The film centers around Ella Blake (Aisling Franciosi, who broke out with her formidable turn in Jennifer Kent’s The Nightingale in 2018), a stop motion animator who works under her domineering mother, acclaimed animator Suzanne (Stella Gonet). Suzanne, having been afflicted with arthritis, acts as the “eye” to Ella’s hands, controlling every facet of production while belittling her poor daughter for a seeming lack of vision. Despite support from loyal boyfriend Tom (Tom York), Ella faces the wrath of Suzanne’s cruel tutelage on a daily basis, working and reworking projects until perfect. When Suzanne is hospitalized with a stroke, the previously stifled Ella seizes the opportunity to isolate herself in a new apartment and take full command of their short film. Aided by the creative guidance of an enigmatic Little Girl (Caoilinn Springall), Ella starts from scratch with a new project, setting out to tell the story of a young woman confronted by a malevolent entity known as The Ash Man. Neglecting her relationships, Ella eventually becomes all-consumed in her work, crafting something that might ultimately have more insidious consequences in the real world.

Go straight for its titular animated sequences, and Stopmotion is a thing of ghoulish beauty. Part of the charm of stop motion is how well it works on screen; no amount of computers could possibly replicate the otherworldly, almost alien look the technique provides. There’s a janky, jittery quality that perpetually unsettles, and yet it’s somehow paradoxically more human in its appearance, if only because it’s been so thoroughly molded by human hands that the animator’s presence is felt in every touch, every gesticulation, and every flaw. Morgan wields this to his advantage, seamlessly incorporating plenty of stop motion with live-action footage as Ella’s abyssal plunge is increasingly realized, first working with armatures (the inner skeleton of a stop motion figure) covered in a malleable material like mortician’s wax, before escalating to more unconventional organic substances, like uncooked steak or the flesh of a fox corpse. The stop motion worlds are beautifully realized sequences of production design.

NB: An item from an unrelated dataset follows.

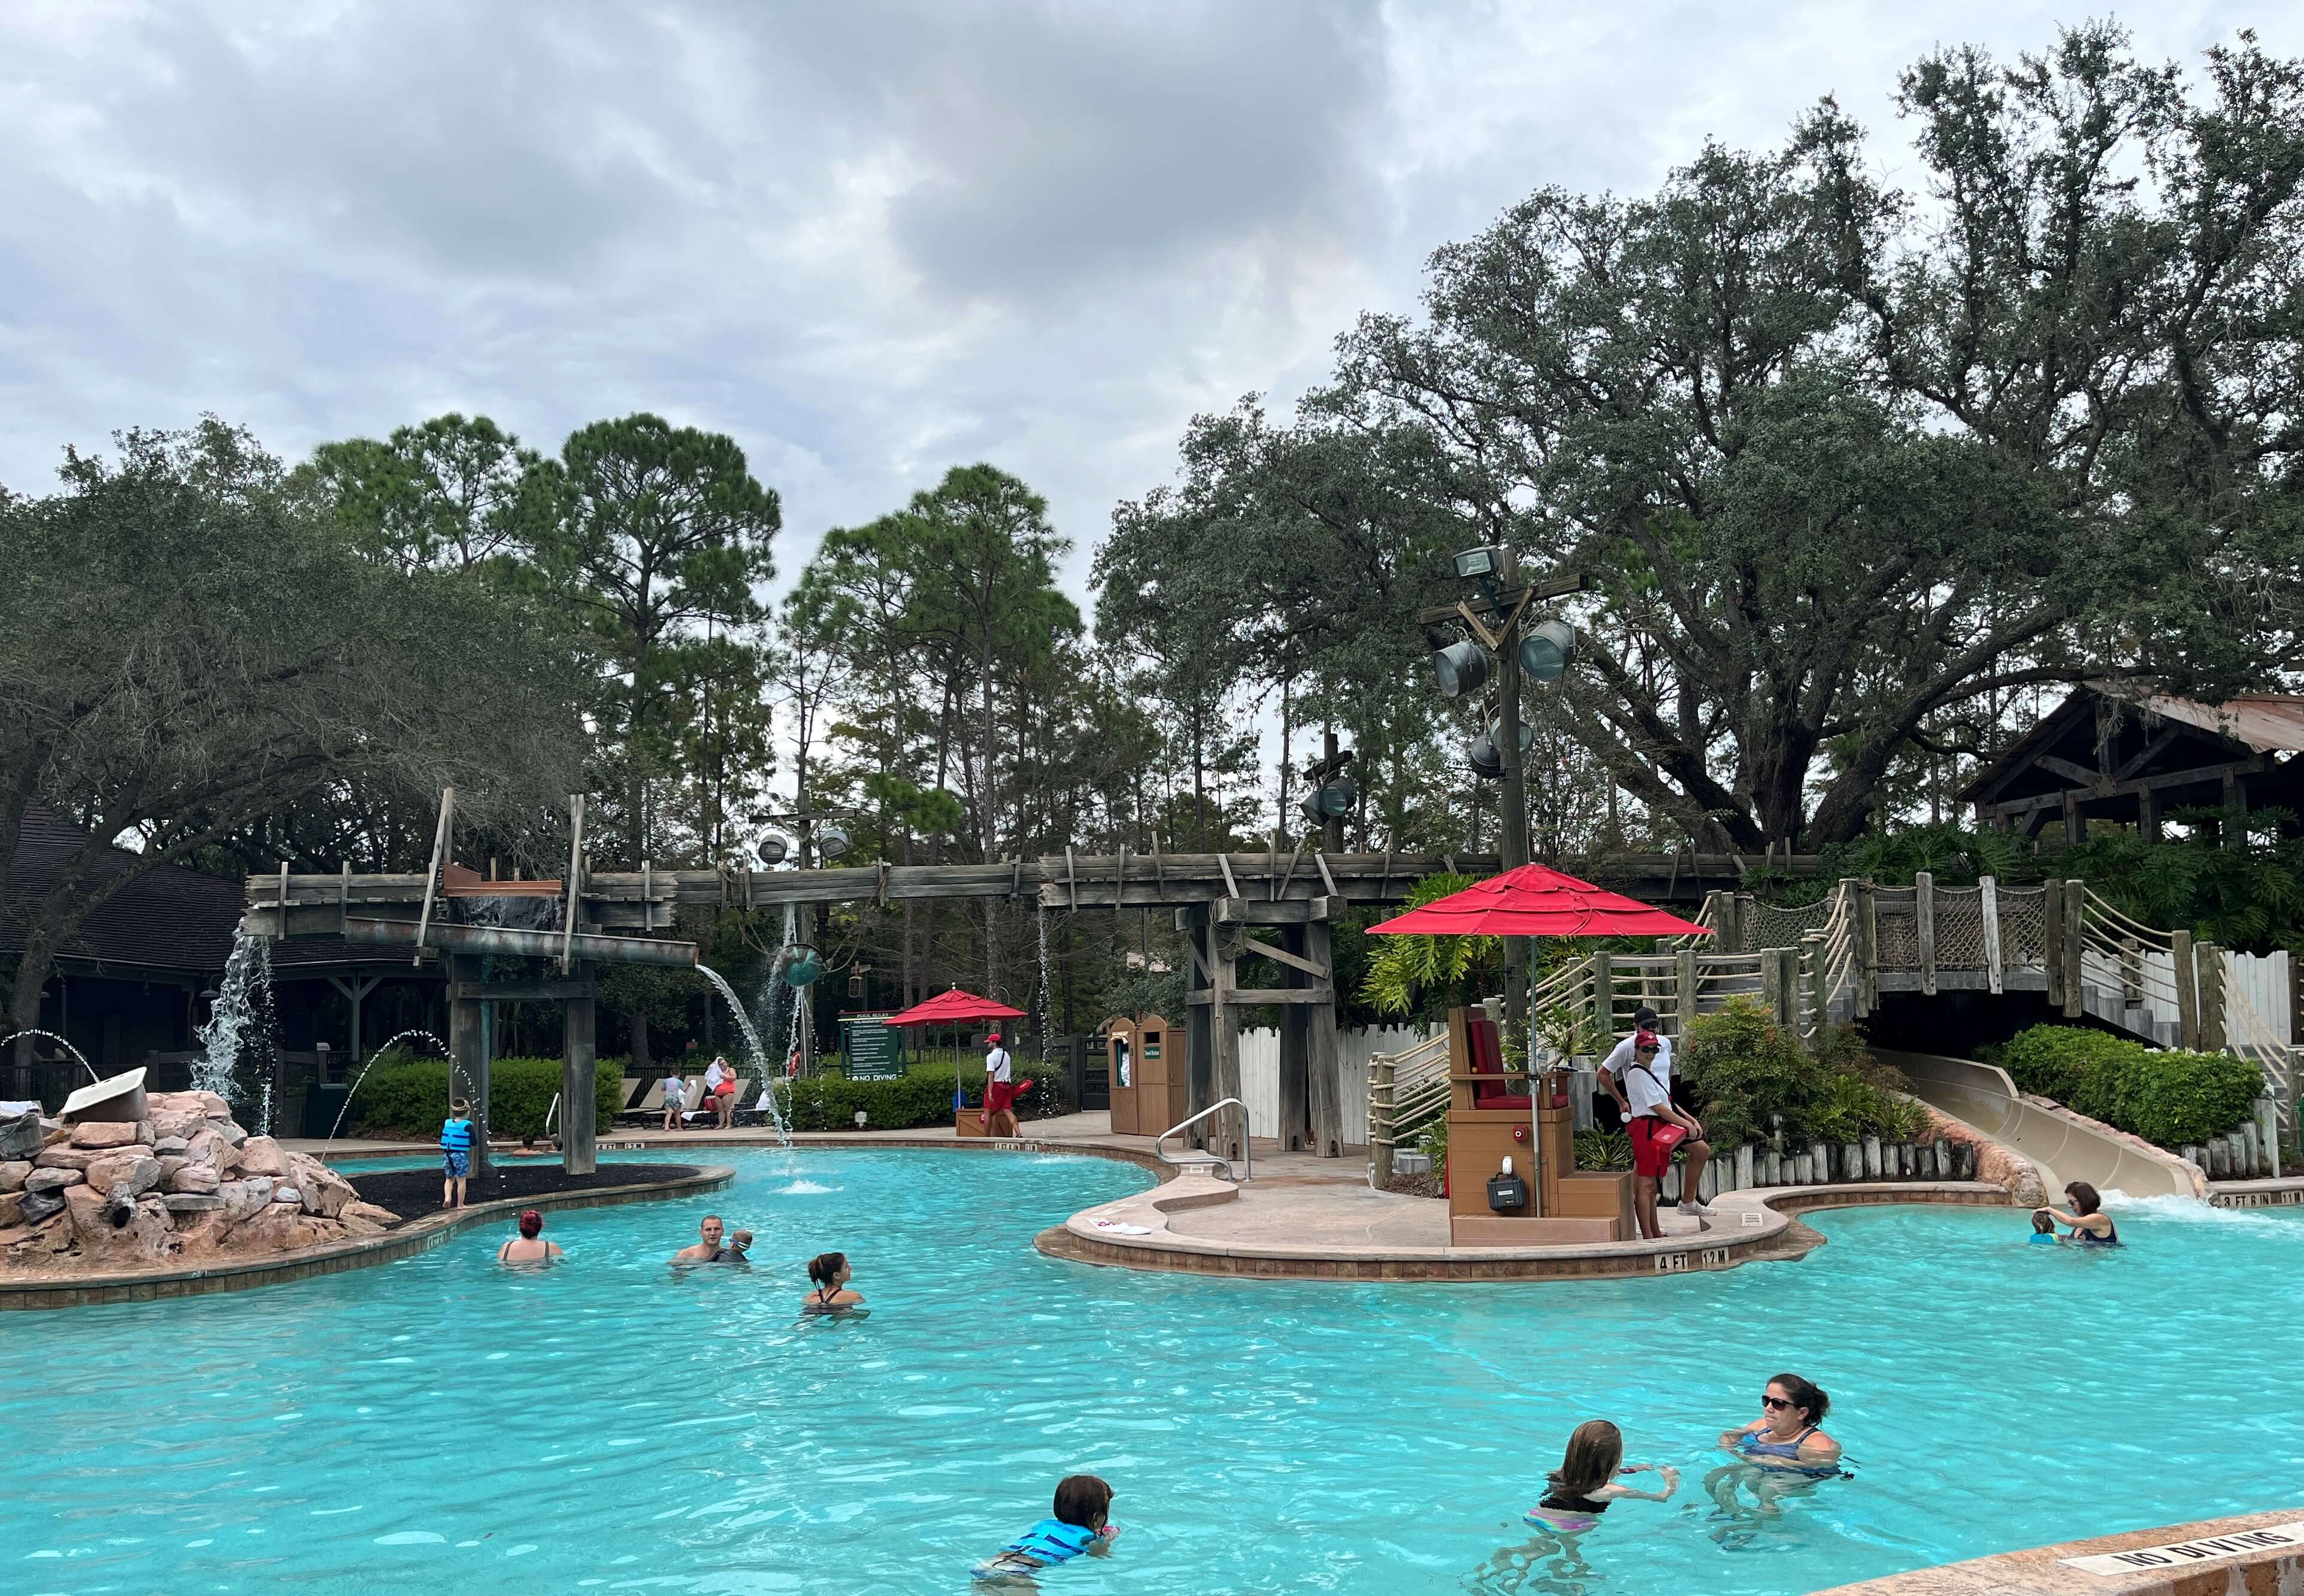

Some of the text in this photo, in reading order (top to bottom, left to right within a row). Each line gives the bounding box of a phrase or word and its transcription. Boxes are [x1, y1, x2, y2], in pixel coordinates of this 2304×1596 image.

[2224, 1194, 2269, 1206] 3 FT 6 IN
[1660, 1254, 1686, 1270] 4 FT
[2112, 1532, 2296, 1567] NO DIVING
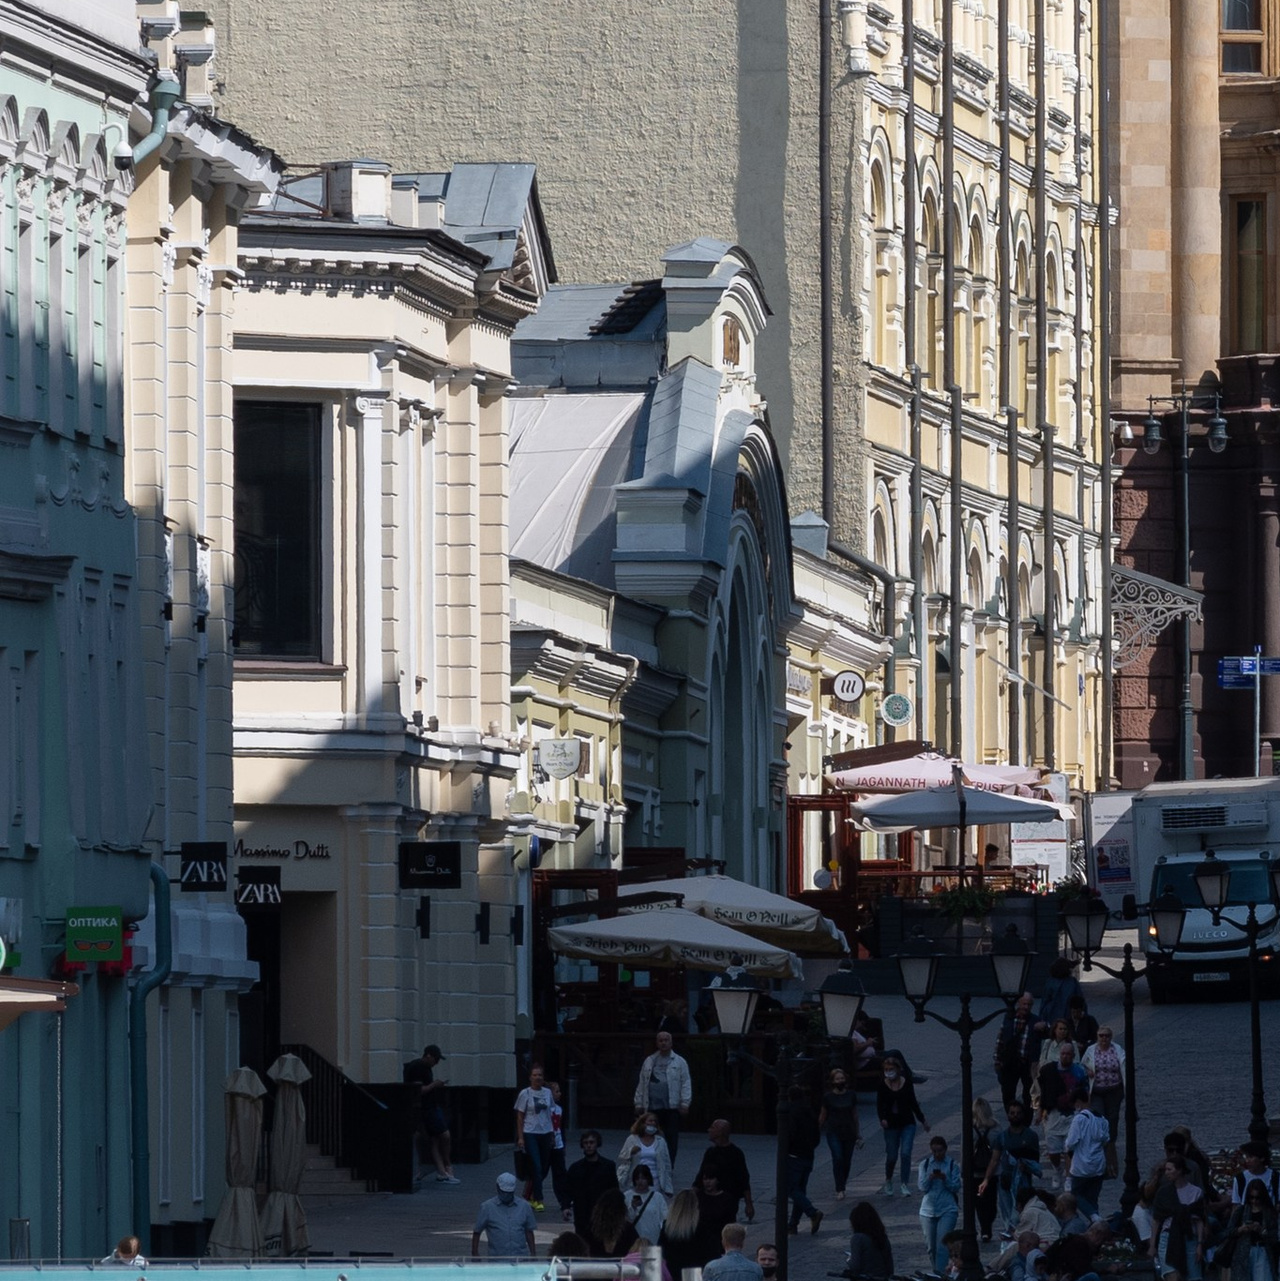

Working from a script co-written with Robin King, Morgan’s narrative is less wholly satisfying. Part of the problem comes from its length; Stopmotion has all the makings of a tremendous short film, but at even a relatively scant 90 minutes, its premise is stretched unbearably thin for a feature, often relying heavily on the gloomy mood provided by Léo Hinstin’s shadowy cinematography and Lola de la Mata’s dread-inducing score. Those who are well-versed in the genre will likely see the outcome from a mile away, as this sort of story only really leads in one destination. That’s not to say that a film like Stopmotion deserves a happy ending, but once it settles into its one-track-mind course, there’s really nowhere else for it to go. Matters concerning the Little Girl’s real identity are also painfully obvious, but Morgan nonetheless withholds the final reveal as if he is still expecting anyone to be surprised. Thankfully, the director does have Franciosi to work with, and she heroically commits herself to the role, rejecting empathy outright as she fully embraces the obsessive rot of Ella’s diseased mind. It’s fearsome work from the actress, giving Stopmotion the push it needs to cross the finish line. Morgan’s film may not set any new definitive baseline in stop motion horror, but it’s a clear step forward for the genre, and one can certainly hope that the technique becomes more widely employed, and soon.

DIRCTOR: Robert Morgan;  CAST: Aisling Franciosi, Stella Gonet, Tom York, Caoilinn Springall;  DISTRIBUTOR: IFC Films;  IN THEATERS: February 23;  RUNTIME: 1 hr. 33 min.